Work request
In the entries below, find the line with "this 1448×1448 image." and the line with "this 1624×1080 image.". Print those two and everything between them exactly, and nothing else.

Records provided
Segment Open

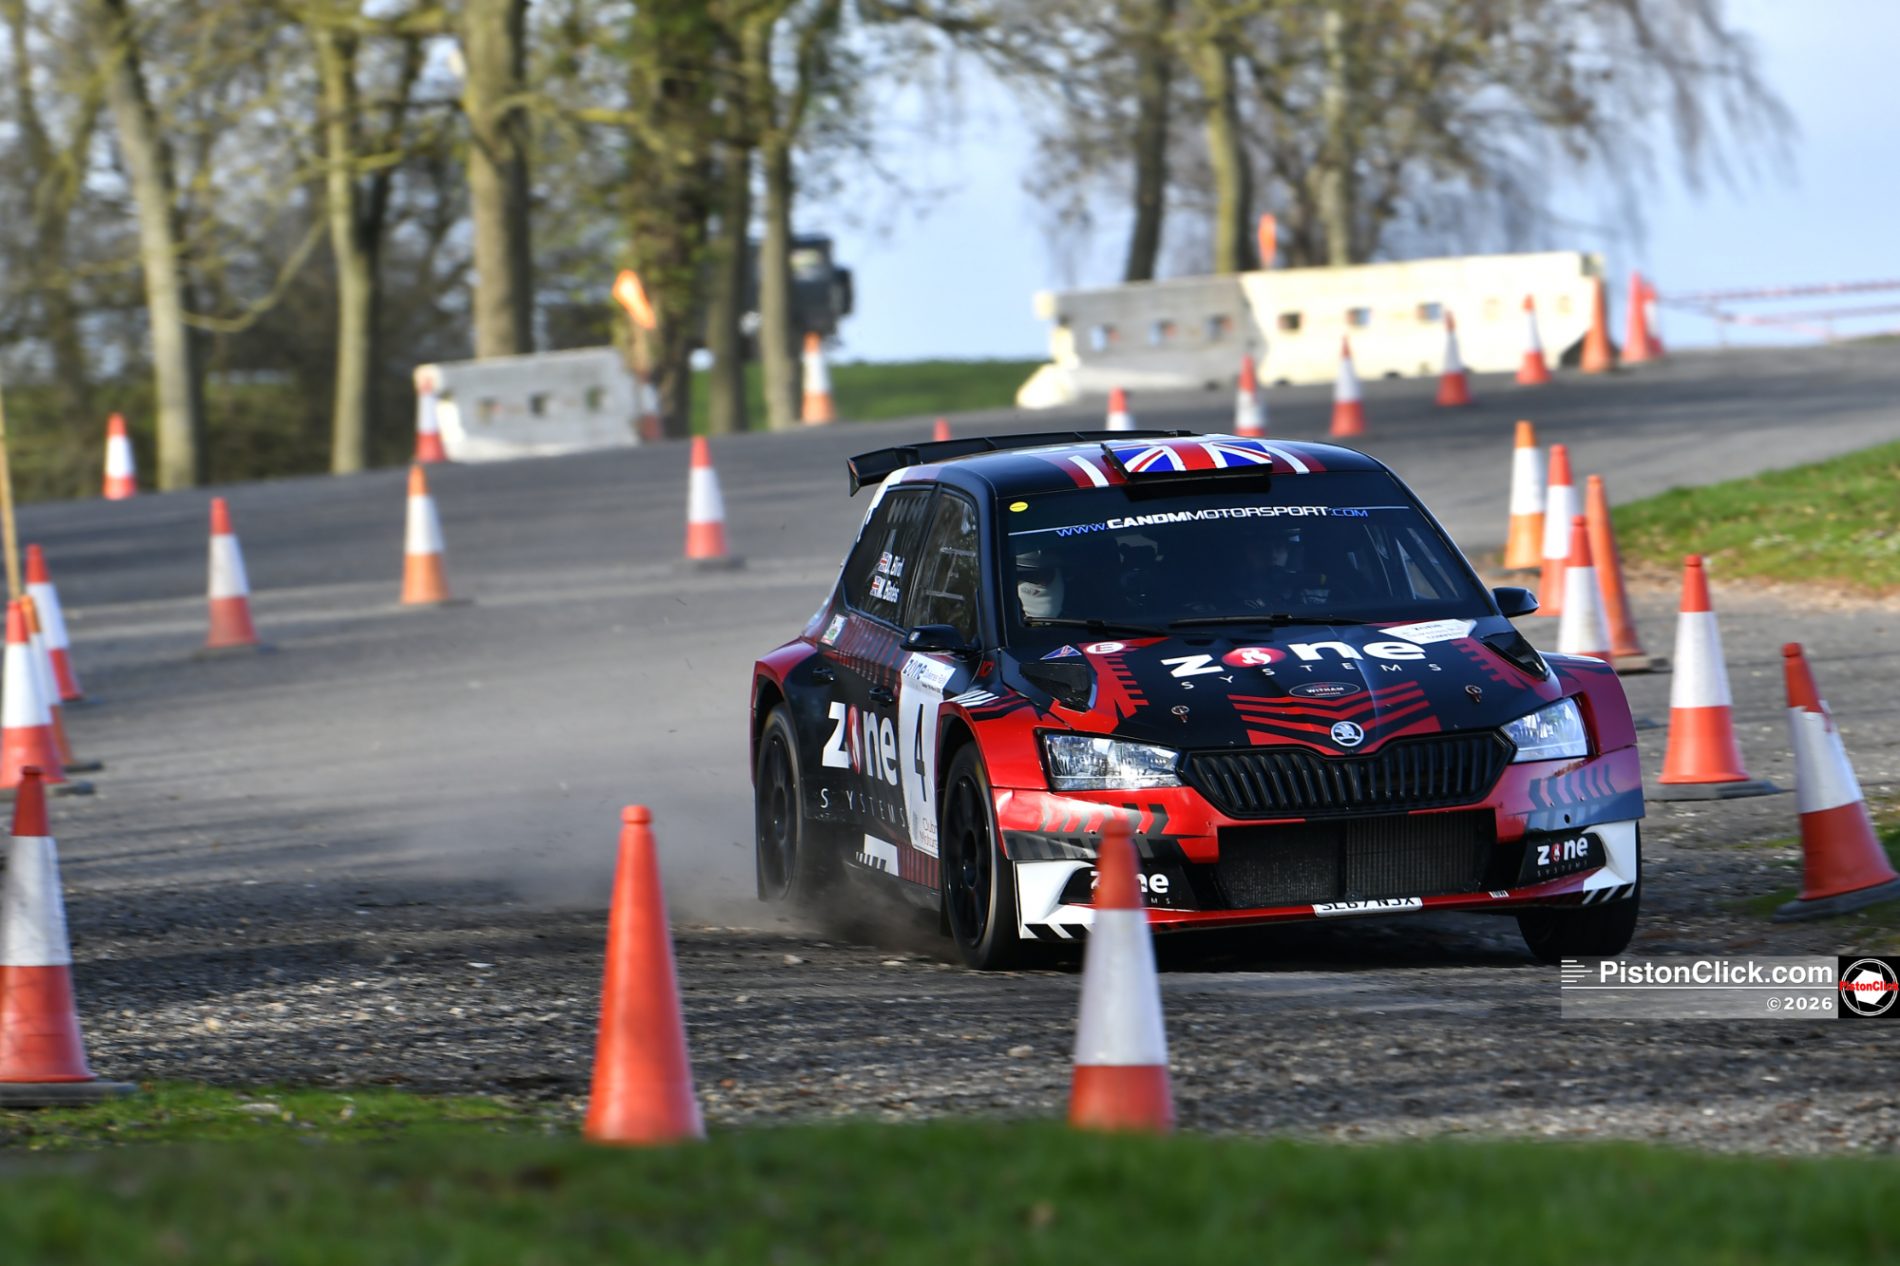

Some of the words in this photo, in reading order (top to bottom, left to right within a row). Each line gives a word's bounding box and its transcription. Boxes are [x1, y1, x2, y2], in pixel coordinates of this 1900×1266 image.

Segment Closed
Segment Open

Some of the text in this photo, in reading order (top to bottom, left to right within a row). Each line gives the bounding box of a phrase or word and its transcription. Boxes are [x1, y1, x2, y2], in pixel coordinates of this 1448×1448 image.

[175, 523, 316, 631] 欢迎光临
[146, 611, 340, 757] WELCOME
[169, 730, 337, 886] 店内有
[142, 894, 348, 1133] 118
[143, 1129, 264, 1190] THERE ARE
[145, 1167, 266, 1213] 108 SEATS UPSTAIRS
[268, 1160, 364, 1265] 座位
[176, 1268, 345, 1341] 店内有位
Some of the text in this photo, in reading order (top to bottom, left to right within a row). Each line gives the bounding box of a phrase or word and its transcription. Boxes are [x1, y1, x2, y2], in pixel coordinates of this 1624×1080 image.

Segment Closed

Output below
Some of the text in this photo, in reading order (top to bottom, left to right within a row). Each line gives the bounding box of a phrase or word and its transcription. Boxes are [x1, y1, x2, y2], in pixel coordinates of this 1448×1448 image.

[175, 523, 316, 631] 欢迎光临
[146, 611, 340, 757] WELCOME
[169, 730, 337, 886] 店内有
[142, 894, 348, 1133] 118
[143, 1129, 264, 1190] THERE ARE
[145, 1167, 266, 1213] 108 SEATS UPSTAIRS
[268, 1160, 364, 1265] 座位
[176, 1268, 345, 1341] 店内有位
Some of the text in this photo, in reading order (top to bottom, left to right within a row). Each line gives the bounding box of a phrase or word and its transcription. Boxes are [x1, y1, x2, y2], in pixel coordinates of this 1624×1080 image.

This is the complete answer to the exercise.